Overall, 74 transwomen at risk of HIV were randomized 1:1 to receive blinded F/TAF or F/TDF once daily in DISCOVER. Efficacy and safety results are summarized. TFV-DP and FTC-TP PBMC trough levels (Ctau; defined as 20 to 28 hours postdose) were evaluated at steady-state (W4) and compared between transwomen taking high-dose hormones concomitantly with F/TAF (N=17) and a randomly pre-selected, representative group of MSM randomized to F/TAF not using high-dose hormones (N=161) using geometric least squares mean (GLSM) ratios and 90% confidence intervals (CIs). Comparisons were made using a lack of PK alteration boundary of 50 to 200% to identify potentially clinically relevant differences. Levels of TFV-DP and FTC-TP with F/TDF in transwomen on high-dose hormones (N=10) were compared descriptively to levels in MSM randomized to F/TDF (N=155) due to a smaller sample size.

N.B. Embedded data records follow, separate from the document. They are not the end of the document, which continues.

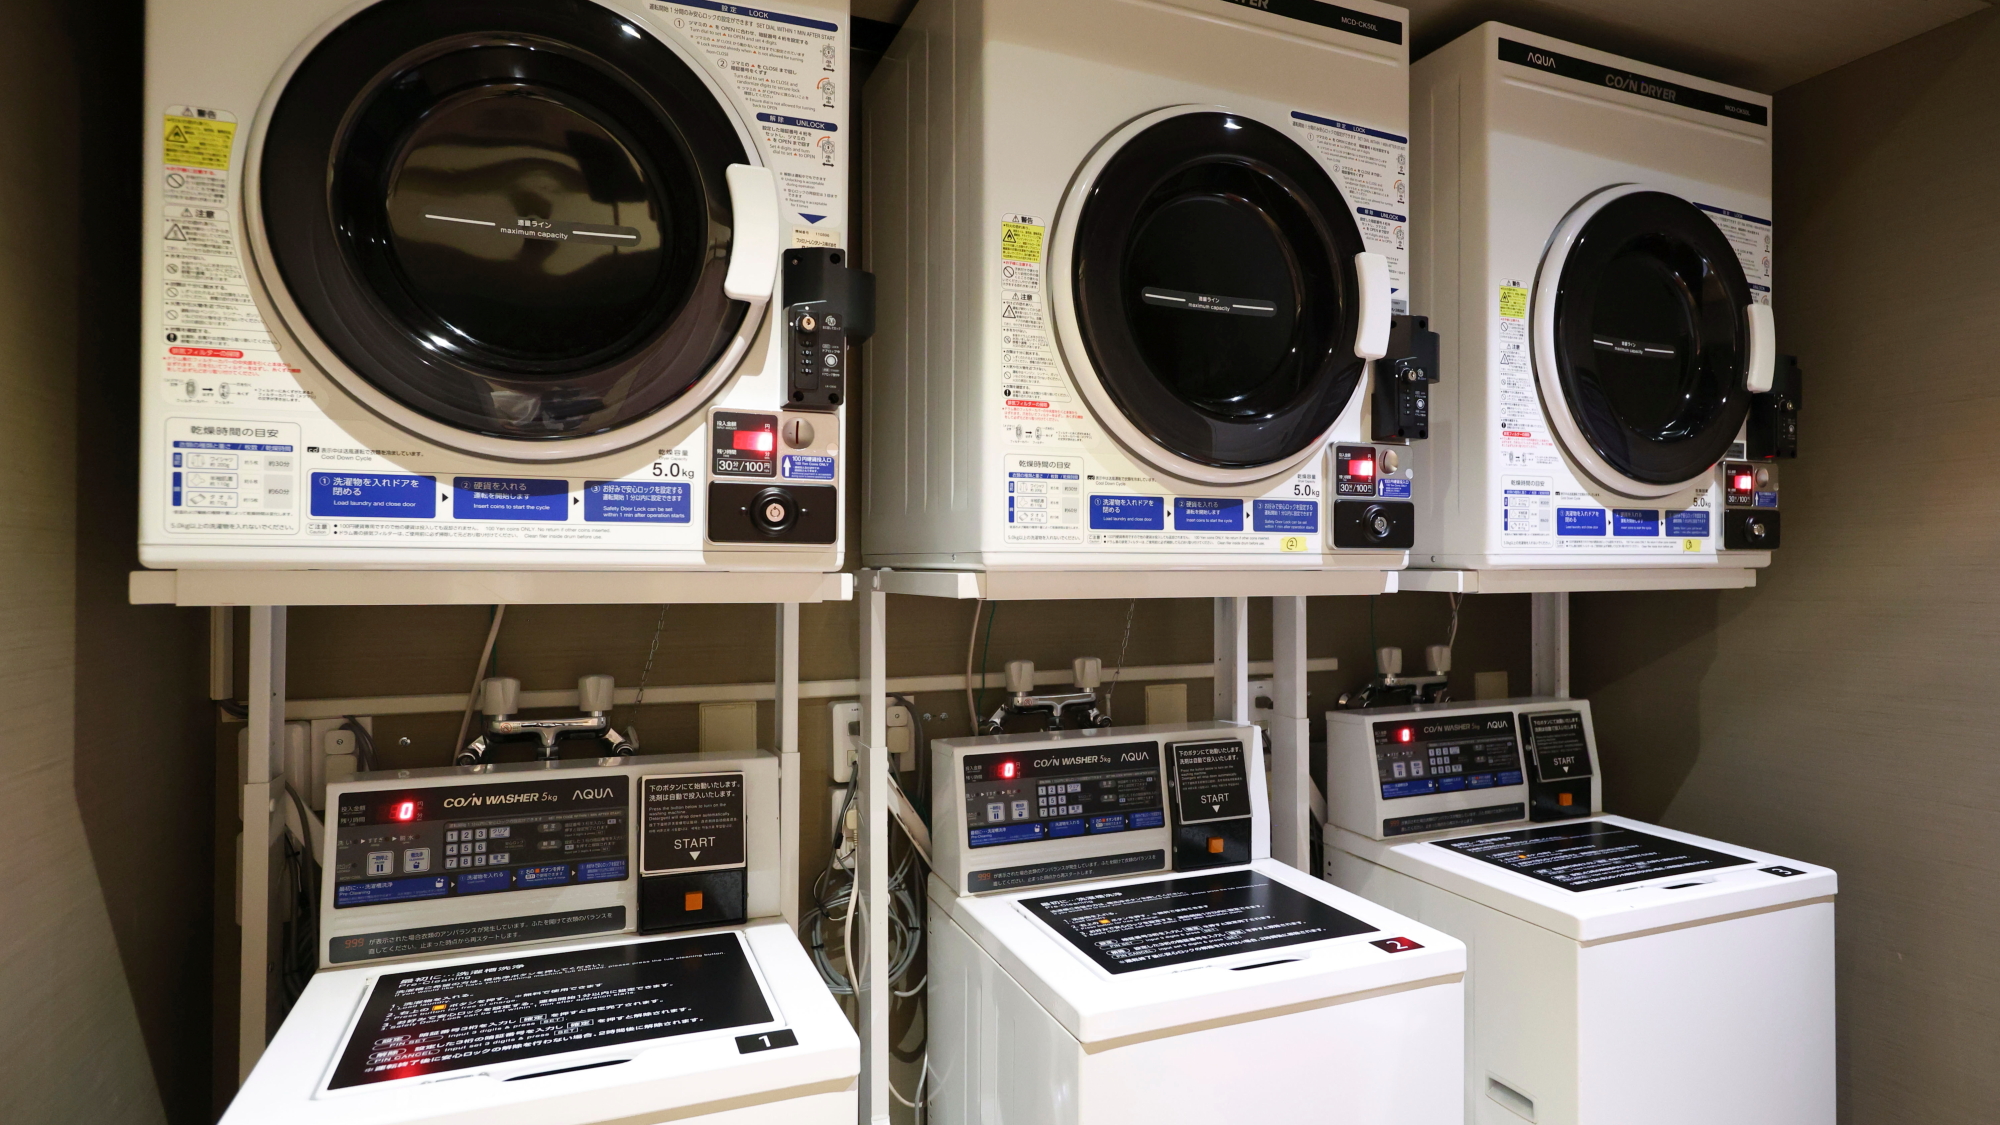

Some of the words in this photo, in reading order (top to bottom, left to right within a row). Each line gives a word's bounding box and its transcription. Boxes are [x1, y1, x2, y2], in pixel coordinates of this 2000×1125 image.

[748, 9, 769, 19] LOCK
[1341, 16, 1378, 32] MCD-CK50L
[776, 26, 792, 34] WITHIN
[806, 31, 820, 39] AFTER
[1527, 52, 1556, 69] AQUA
[1605, 73, 1638, 92] COIN
[1640, 81, 1677, 101] DRYER
[796, 119, 825, 130] UNLOCK
[1021, 216, 1033, 225] 警告
[500, 227, 536, 237] maximum
[537, 231, 568, 240] capacity
[1188, 302, 1210, 310] maximum
[190, 425, 279, 438] 乾燥時間の目安
[652, 462, 680, 477] 5.0
[682, 468, 695, 479] kg
[1018, 460, 1071, 469] 乾燥時間の目安
[332, 477, 419, 488] 洗濯物を入れドアを
[473, 481, 527, 492] 硬貨を入れる
[332, 487, 362, 496] 閉める
[1294, 484, 1311, 497] 5.0
[1312, 489, 1320, 497] kg
[1102, 499, 1154, 507] 洗濯物を入れドアを
[1693, 497, 1705, 507] 5.0
[1424, 723, 1443, 734] COIN
[1443, 724, 1471, 732] WASHER
[1487, 721, 1508, 729] AQUA
[1034, 755, 1060, 768] COIN
[1062, 755, 1098, 765] WASHER
[1121, 751, 1149, 762] AQUA
[1553, 756, 1575, 766] START
[1004, 762, 1015, 777] 0
[443, 793, 484, 808] COIN
[486, 792, 540, 806] WASHER
[572, 788, 614, 800] AQUA
[1201, 793, 1229, 804] START
[400, 802, 414, 820] 0
[674, 836, 716, 850] START
[977, 873, 991, 881] 999
[344, 938, 365, 949] 999
[1386, 940, 1408, 950] 2
[397, 974, 472, 988] Pre-Cleaning
[447, 1030, 469, 1038] Input
[479, 1025, 502, 1033] digits
[407, 1037, 428, 1045] SET
[443, 1044, 466, 1053] Input
[492, 1037, 515, 1045] digits
[526, 1032, 550, 1040] press
[758, 1034, 772, 1048] 1
[373, 1056, 392, 1064] PIN
[393, 1049, 434, 1060] CANCEL

No transwomen acquired HIV. Transwomen had similar numerical improvements in dipstick proteinuria and markers of tubular proteinuria as MSM. No transwomen developed clinically significant proteinuria (UPCR>200 mg/g). There were no differences between F/TAF and F/TDF in change from baseline in weight or eGFR in transwomen. GLSM ratios and 90% CIs for comparisons of PBMC TFV-DP and FTC-TP levels with F/TAF between transwomen taking high-dose hormones and MSM were within the 50 to 200% boundary, indicating no clinically significant interaction. In transwomen taking F/TDF and high-dose hormones, TFV-DP and FTC-TP levels were comparable to MSM, suggesting no interaction (Table).
The absence of infections suggests that both F/TAF and F/TDF were effective for HIV prevention in transwomen. Both F/TAF and F/TDF were safe and well-tolerated in transwomen and MSM. No clinically meaningful differences in PBMC TFV-DP and FTC-TP levels with F/TAF or F/TDF were observed between transwomen taking high-dose hormone therapy and MSM, suggesting that both F/TAF and F/TDF are effective and safe options for PrEP in transwomen on gender-affirming, high-dose hormone therapy.